RAW DATA:
-------------------------

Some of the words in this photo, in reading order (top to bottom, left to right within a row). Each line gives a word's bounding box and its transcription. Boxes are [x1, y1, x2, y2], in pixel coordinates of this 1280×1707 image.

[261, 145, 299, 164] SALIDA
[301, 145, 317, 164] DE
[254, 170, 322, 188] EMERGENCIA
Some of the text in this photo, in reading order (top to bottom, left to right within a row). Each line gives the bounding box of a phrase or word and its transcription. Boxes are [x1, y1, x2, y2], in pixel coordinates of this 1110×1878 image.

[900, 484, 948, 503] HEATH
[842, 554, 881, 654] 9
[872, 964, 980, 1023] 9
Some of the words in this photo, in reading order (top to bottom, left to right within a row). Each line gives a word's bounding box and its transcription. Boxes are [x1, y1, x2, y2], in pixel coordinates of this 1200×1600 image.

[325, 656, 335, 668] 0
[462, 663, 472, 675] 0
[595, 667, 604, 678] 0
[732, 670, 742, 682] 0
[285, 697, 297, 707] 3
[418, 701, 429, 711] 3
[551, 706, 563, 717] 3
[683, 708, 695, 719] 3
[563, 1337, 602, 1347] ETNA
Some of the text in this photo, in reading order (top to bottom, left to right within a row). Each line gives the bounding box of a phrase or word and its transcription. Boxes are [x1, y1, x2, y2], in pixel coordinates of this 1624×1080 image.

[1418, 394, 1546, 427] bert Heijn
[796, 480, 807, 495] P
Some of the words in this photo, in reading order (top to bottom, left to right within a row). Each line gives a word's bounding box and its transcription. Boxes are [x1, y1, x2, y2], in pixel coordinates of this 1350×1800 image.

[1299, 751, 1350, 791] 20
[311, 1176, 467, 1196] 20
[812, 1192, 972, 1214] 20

-------------------------

EXERCISE GOAL:
Reproduce only the lines from the line containing "this 1350×1800 image." to the last line of the material above, both of those lines included.

PROBLEM SOLUTION:
Some of the words in this photo, in reading order (top to bottom, left to right within a row). Each line gives a word's bounding box and its transcription. Boxes are [x1, y1, x2, y2], in pixel coordinates of this 1350×1800 image.

[1299, 751, 1350, 791] 20
[311, 1176, 467, 1196] 20
[812, 1192, 972, 1214] 20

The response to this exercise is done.